Air Berlin streicht zahlreiche Flüge aus «operativen Gründen»

Gestern wurde die Streichung aller Flüge in die Karibik bekannt gegeben, heute werden wieder viele Flüge gestrichen. Was ist los?

Air Berlin informierte gestern mittels Medienmitteilung, dass sie per 25. September ihr Karibik-Flugprogramm ab Düsseldorf einstellt. Doch damit nicht genug: Die vor einigen Tagen angekündigten Streichungen von Langstreckenflügen wurden ebenfalls auf den 25. September vorgezogen. Air Berlin informiert weiter, dass der Ticketpreis für nach dem Insolvenzantrag (am 15. August) erfolgte Buchungen zurückerstattet wird. Das dürfte im Rückschluss heissen, dass jene, welche vor diesem Datum Flüge zu einer der betroffenen Langstrecken gebucht haben, auf ihr Geld werden verzichten müssen.

Hintergrund der Streckeneinstellungen ist laut einem Bericht der «Süddeutschen Zeitung» dass die Leasingfirma Aercap, von welcher Air Berlin die Langstreckenflugzeuge gemietet hat, zehn Airbus A330 möglichst schnell zurück haben will. Offenbar hat Aercap Sorgen, dass sie für die gemieteten Flugzeuge kein Geld mehr sieht.

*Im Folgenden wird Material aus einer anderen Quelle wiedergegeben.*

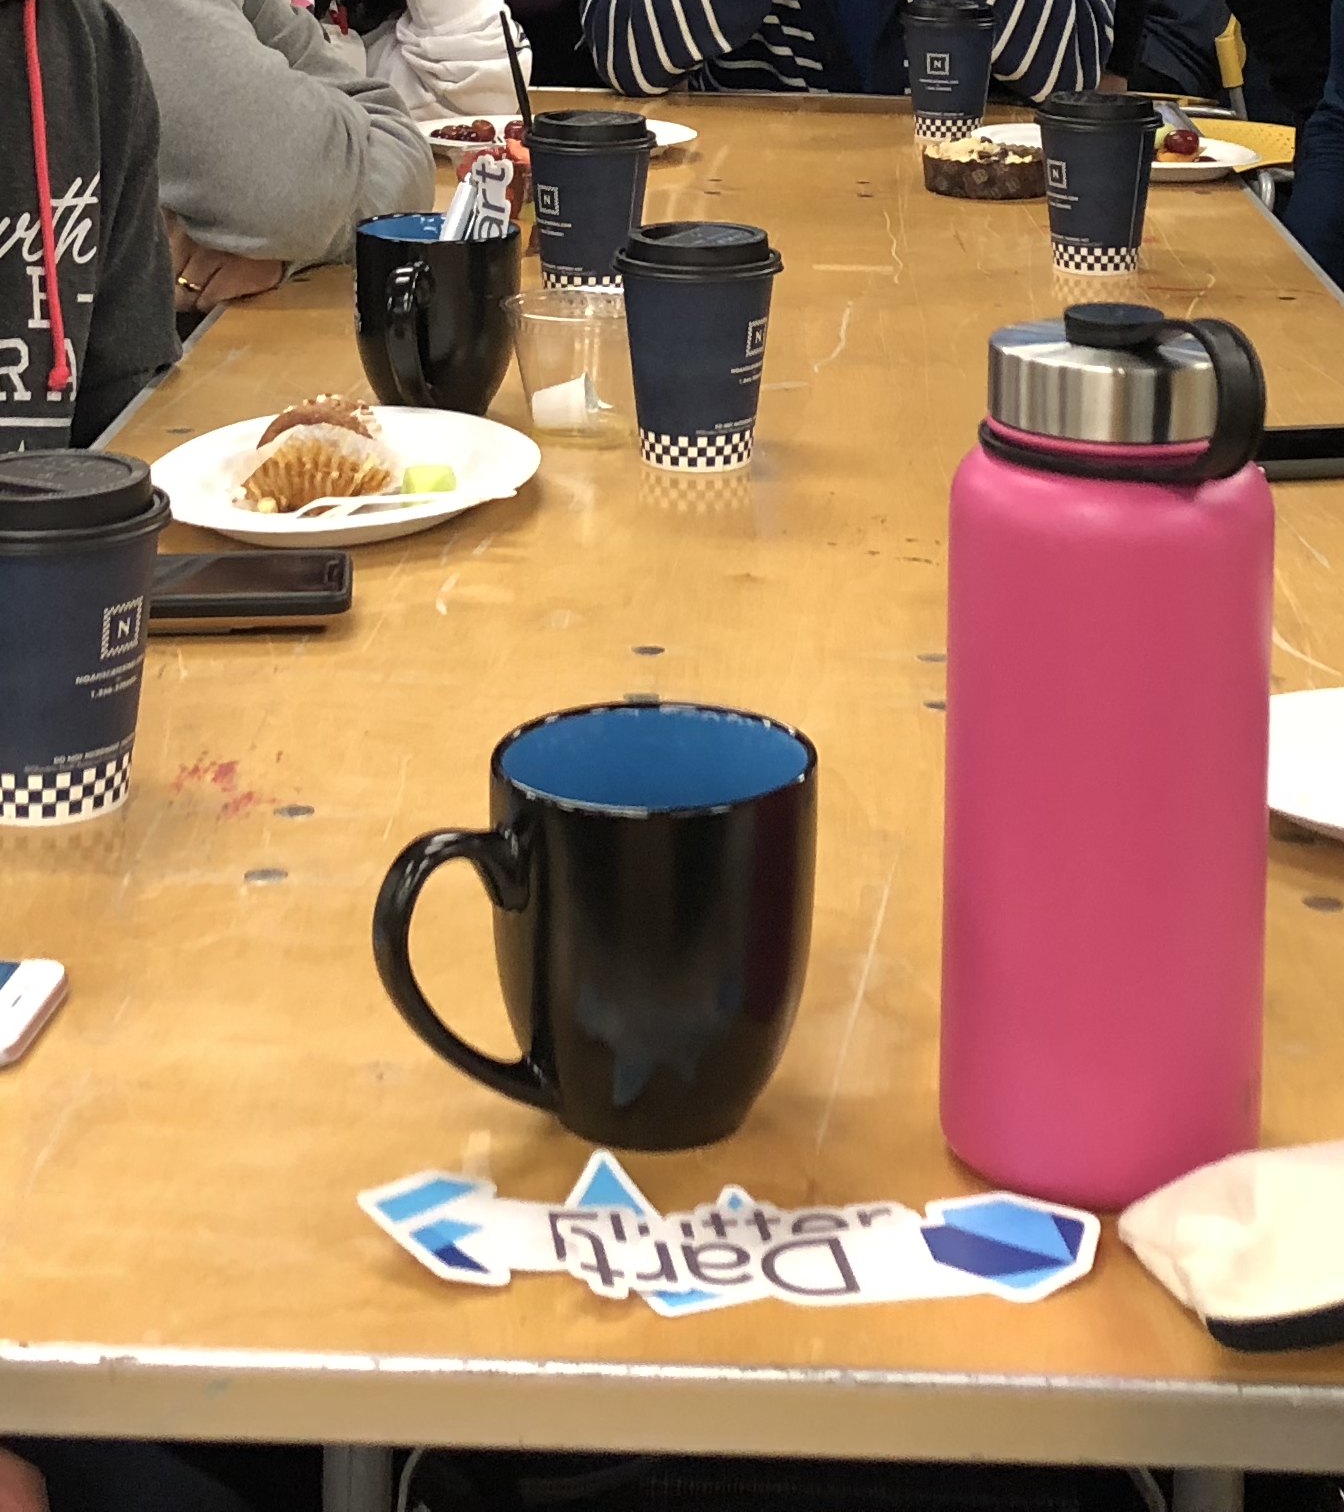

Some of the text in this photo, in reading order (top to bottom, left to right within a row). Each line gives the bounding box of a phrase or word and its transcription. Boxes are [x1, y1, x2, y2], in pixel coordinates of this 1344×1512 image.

Dass es um Air Berlin trotz Notkrediten nicht gut steht, ist inzwischen überdeutlich. Die Fluggesellschaft hat heute Dienstag (12. September) erneut Dutzende Flüge abgesagt. «Aus operativen Gründen muss Air Berlin heute Flüge streichen», teilt die insolvente Fluggesellschaft auf Anfrage mit, und bedauert dabei die Unannehmlichkeiten für die Gäste. Das Unternehmen bittet Passagiere, vor der Anfahrt zum Flughafen den Status ihres Fluges unter www.airberlin.com/fluginfo zu prüfen. Reisenden, welche von Streichungen betroffen seien, soll die «bestmögliche Reisealternative» angeboten werden.

Nähere Angaben etwa zur Zahl der gestrichenen Flüge und zu den Gründen machte die Airline nicht. Am Flughafen Berlin-Tegel fielen laut den online genannten Abflügen knapp 20 Flüge aus, etwa ebenso viele waren es am Flughafen Düsseldorf.